Но на студии всегда битвы за зал, и Олег с трудом вырвал этот, на четвертом, и то после того, как досмотрит свое дубляжный цех.

Мы торчали в чутком дозоре под дверьми уже сорок минут, хотя дубляжники заверили, что у них только два ролика.

Олег забарабанил в запертую дверь зала и крикнул в щель:

— Вы что, по шестьсот метров в коробку умудрились засунуть?

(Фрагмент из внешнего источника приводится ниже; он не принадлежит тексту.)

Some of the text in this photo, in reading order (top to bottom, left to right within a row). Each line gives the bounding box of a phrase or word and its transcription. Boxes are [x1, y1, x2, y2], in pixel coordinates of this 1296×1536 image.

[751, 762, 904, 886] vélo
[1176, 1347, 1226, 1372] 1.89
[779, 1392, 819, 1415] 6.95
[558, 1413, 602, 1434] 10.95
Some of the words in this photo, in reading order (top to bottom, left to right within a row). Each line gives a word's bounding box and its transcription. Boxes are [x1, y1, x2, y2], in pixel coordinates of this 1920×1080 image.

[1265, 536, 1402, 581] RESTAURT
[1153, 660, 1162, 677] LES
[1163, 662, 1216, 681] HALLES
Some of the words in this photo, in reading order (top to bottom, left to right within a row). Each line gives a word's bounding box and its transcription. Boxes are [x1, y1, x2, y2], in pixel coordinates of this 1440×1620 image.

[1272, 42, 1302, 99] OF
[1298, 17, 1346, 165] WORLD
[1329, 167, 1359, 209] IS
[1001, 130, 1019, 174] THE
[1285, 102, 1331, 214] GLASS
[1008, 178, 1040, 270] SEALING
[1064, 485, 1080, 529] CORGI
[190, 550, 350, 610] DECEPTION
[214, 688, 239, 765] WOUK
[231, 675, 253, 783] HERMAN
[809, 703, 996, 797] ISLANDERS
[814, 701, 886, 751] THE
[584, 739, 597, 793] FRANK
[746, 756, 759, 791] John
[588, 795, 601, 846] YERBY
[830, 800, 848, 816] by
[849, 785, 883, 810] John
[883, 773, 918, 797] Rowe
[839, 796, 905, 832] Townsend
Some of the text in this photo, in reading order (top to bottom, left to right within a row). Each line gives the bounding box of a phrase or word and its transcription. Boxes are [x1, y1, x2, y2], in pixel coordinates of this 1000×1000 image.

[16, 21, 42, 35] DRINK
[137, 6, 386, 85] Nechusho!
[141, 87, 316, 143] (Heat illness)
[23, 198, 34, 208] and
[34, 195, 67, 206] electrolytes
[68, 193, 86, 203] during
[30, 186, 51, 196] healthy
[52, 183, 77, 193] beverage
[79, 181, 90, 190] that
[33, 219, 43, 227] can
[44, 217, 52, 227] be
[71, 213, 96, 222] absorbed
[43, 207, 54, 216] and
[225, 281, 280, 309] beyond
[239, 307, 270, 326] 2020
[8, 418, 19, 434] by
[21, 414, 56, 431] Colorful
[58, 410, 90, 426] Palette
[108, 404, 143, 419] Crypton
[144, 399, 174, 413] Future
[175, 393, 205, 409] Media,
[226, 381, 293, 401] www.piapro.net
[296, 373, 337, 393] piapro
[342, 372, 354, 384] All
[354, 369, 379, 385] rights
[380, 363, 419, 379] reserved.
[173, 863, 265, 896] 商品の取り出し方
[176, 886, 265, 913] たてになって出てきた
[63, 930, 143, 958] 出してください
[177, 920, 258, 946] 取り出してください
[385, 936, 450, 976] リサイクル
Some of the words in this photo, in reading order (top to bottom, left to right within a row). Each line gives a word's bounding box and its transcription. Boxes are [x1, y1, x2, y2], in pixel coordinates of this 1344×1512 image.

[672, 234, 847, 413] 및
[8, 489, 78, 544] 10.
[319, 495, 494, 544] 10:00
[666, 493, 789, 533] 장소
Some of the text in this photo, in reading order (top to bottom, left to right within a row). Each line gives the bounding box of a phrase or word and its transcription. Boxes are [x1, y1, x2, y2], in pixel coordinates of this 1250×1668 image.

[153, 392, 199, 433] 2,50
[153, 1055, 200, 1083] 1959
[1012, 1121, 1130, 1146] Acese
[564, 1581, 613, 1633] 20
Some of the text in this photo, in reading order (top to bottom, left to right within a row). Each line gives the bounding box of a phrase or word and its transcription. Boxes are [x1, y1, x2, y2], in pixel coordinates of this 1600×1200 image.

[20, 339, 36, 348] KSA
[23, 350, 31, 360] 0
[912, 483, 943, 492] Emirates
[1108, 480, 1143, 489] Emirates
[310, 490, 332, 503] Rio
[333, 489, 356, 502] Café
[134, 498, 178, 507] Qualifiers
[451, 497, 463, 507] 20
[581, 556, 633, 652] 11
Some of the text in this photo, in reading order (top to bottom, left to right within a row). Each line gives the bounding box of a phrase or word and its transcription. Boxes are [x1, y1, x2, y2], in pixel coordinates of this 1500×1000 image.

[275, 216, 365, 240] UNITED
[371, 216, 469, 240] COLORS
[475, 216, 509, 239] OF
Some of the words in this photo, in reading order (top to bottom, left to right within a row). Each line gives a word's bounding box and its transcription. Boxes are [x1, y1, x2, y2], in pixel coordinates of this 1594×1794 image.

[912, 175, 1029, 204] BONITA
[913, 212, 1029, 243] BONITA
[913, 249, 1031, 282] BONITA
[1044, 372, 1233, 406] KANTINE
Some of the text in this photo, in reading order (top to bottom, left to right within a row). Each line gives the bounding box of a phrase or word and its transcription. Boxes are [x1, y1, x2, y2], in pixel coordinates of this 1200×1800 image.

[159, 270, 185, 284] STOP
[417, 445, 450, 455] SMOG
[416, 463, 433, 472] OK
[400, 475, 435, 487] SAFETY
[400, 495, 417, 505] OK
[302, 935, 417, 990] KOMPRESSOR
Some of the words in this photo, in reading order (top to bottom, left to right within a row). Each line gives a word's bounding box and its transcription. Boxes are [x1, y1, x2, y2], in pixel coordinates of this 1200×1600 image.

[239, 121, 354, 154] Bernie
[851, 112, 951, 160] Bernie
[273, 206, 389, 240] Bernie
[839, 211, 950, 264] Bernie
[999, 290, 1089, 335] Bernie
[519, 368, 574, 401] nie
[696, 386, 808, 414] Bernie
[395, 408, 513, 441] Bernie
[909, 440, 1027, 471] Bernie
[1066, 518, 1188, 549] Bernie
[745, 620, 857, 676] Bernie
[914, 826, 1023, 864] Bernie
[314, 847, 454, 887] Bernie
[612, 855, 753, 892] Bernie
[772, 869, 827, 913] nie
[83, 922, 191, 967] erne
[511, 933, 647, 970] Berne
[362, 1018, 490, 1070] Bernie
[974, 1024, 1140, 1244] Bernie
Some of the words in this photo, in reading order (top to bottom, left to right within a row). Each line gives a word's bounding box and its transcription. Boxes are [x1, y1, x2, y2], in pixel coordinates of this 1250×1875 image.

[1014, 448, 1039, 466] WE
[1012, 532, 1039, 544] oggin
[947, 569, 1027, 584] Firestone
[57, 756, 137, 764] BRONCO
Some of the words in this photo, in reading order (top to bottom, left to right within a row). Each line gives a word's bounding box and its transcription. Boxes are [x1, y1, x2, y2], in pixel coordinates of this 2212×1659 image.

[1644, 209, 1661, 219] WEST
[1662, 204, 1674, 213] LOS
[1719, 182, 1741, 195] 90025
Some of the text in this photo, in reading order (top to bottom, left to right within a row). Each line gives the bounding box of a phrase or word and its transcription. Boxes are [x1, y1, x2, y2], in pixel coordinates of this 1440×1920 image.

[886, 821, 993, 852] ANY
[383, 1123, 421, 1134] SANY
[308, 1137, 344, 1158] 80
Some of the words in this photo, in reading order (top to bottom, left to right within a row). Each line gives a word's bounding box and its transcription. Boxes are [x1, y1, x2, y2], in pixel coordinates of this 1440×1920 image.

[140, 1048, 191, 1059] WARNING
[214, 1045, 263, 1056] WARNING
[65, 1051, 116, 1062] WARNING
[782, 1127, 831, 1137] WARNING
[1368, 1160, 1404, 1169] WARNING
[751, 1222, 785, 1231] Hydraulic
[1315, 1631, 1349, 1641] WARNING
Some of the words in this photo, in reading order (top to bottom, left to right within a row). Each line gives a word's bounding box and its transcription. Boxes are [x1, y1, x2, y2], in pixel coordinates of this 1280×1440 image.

— Спокойнее, — просочилось из заточения, — в коробках триста метров, и я не сяду на проектор верхом, чтобы понукать его. Не мешайте.

С Олегом, оператором, вернувшимся из Вьетнама, нас свел Влад. Он был его приятелем, и Влад сам пришел на студию посмотреть, что тот наснимал.

Наконец вошли в зал, туго набитый сигаретным дымом, сквозь студенистую гущу которого робко проглядывали таблички «В зале не курить».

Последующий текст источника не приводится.